§ **Work instruction**
Starting at the line with "Some of the words" and going on through the line with "this 1280×1078 image.", reproduce each line in the records below exactly and nothing more.

§ **Exercise inputs**
>>>>>

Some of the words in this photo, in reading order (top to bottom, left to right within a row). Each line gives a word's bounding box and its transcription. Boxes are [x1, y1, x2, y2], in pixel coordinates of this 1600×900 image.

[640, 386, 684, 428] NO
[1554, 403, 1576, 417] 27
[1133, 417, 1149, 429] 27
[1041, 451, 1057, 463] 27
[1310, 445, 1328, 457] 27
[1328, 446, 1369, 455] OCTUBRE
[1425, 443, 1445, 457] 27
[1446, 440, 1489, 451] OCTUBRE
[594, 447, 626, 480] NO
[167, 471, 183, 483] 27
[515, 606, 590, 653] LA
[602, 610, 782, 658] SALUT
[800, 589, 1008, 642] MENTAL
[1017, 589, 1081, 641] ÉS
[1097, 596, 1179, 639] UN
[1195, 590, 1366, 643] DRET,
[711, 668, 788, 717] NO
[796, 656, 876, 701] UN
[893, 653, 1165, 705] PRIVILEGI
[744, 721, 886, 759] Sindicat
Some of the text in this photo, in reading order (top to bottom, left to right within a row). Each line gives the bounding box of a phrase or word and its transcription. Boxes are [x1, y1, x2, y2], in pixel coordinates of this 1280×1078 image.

<<<<<
>>>>>

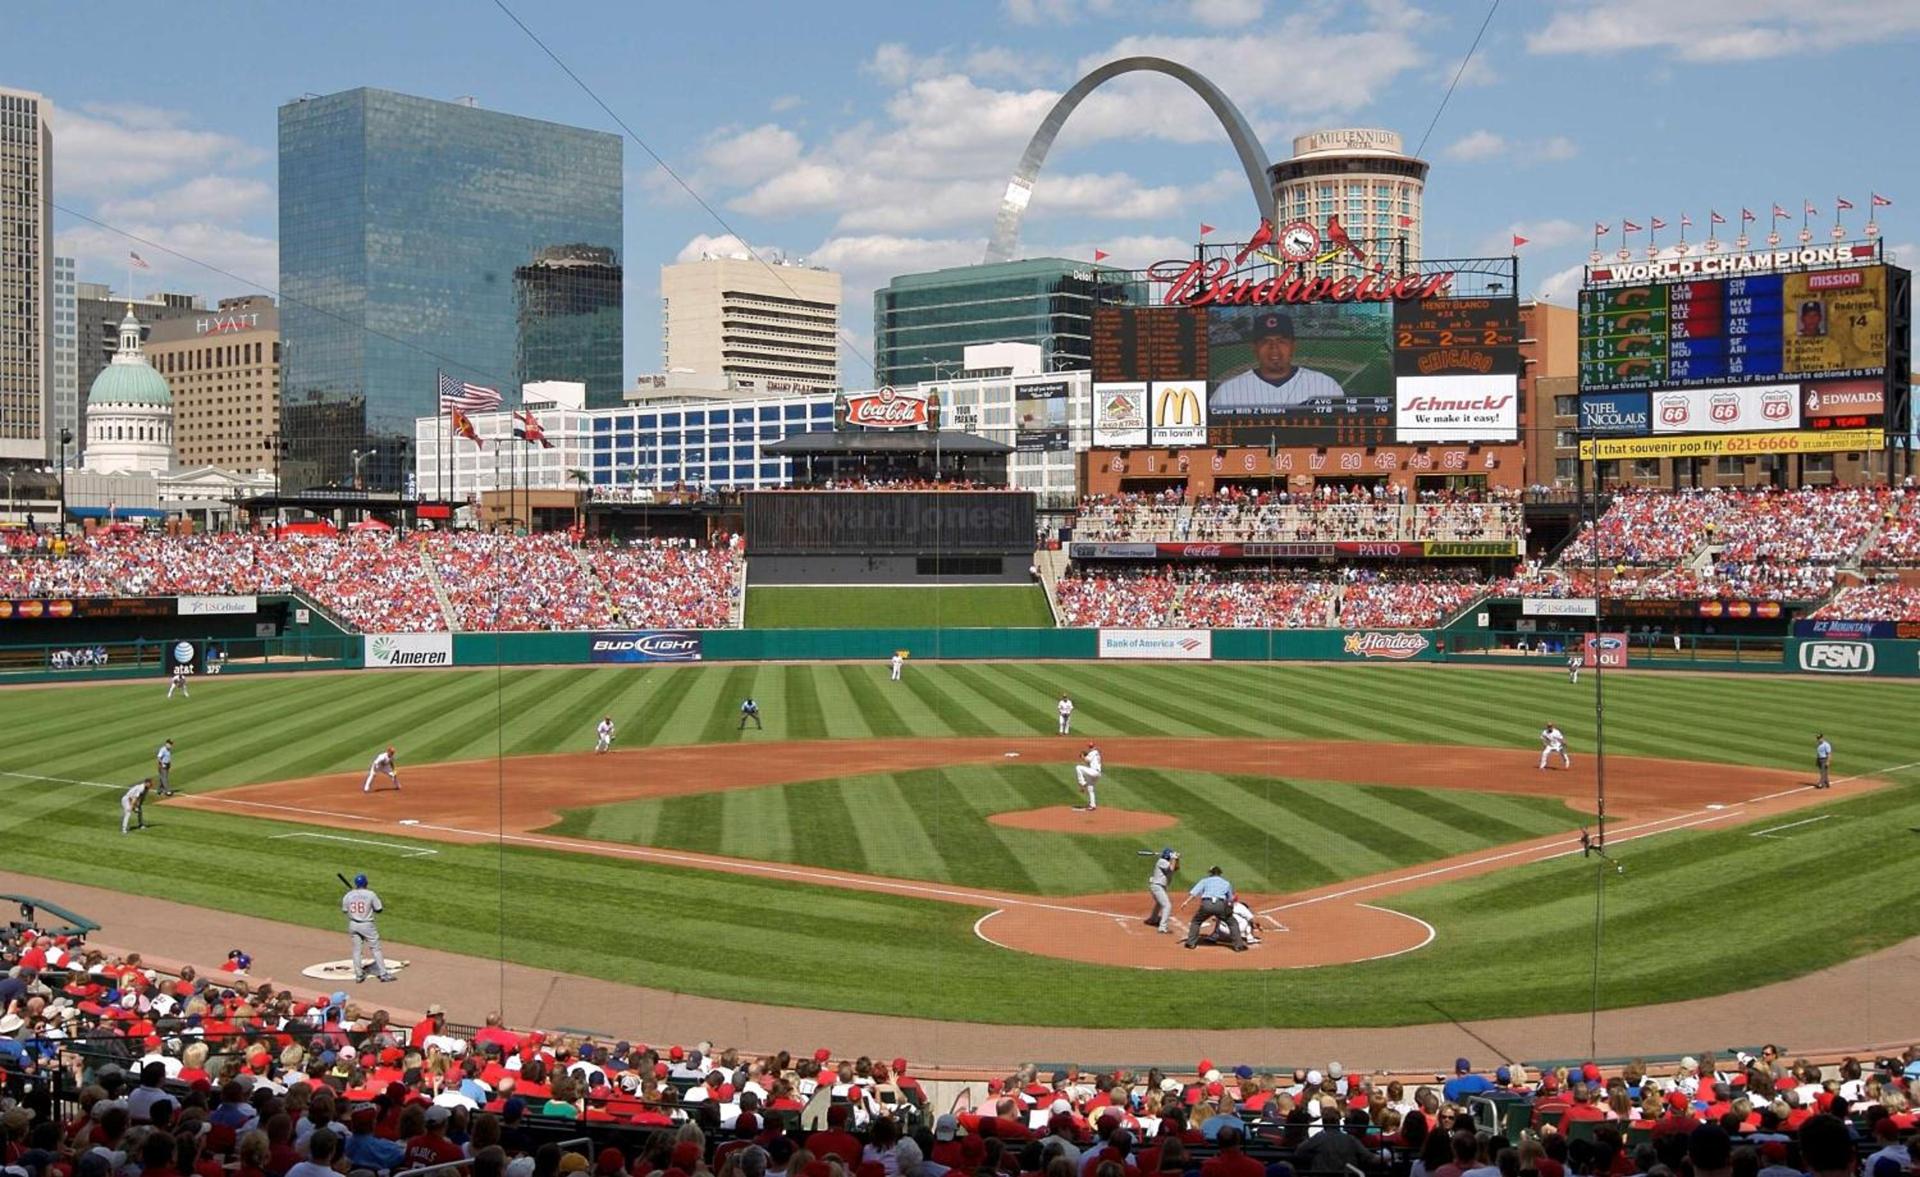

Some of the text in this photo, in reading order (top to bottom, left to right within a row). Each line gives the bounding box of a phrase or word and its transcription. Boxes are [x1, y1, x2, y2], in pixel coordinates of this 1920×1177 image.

<<<<<

§ **Response to the exercise**
Some of the words in this photo, in reading order (top to bottom, left to right within a row). Each line gives a word's bounding box and its transcription. Boxes are [x1, y1, x2, y2], in pixel coordinates of this 1600×900 image.

[640, 386, 684, 428] NO
[1554, 403, 1576, 417] 27
[1133, 417, 1149, 429] 27
[1041, 451, 1057, 463] 27
[1310, 445, 1328, 457] 27
[1328, 446, 1369, 455] OCTUBRE
[1425, 443, 1445, 457] 27
[1446, 440, 1489, 451] OCTUBRE
[594, 447, 626, 480] NO
[167, 471, 183, 483] 27
[515, 606, 590, 653] LA
[602, 610, 782, 658] SALUT
[800, 589, 1008, 642] MENTAL
[1017, 589, 1081, 641] ÉS
[1097, 596, 1179, 639] UN
[1195, 590, 1366, 643] DRET,
[711, 668, 788, 717] NO
[796, 656, 876, 701] UN
[893, 653, 1165, 705] PRIVILEGI
[744, 721, 886, 759] Sindicat
Some of the text in this photo, in reading order (top to bottom, left to right within a row). Each line gives the bounding box of a phrase or word and its transcription. Boxes are [x1, y1, x2, y2], in pixel coordinates of this 1280×1078 image.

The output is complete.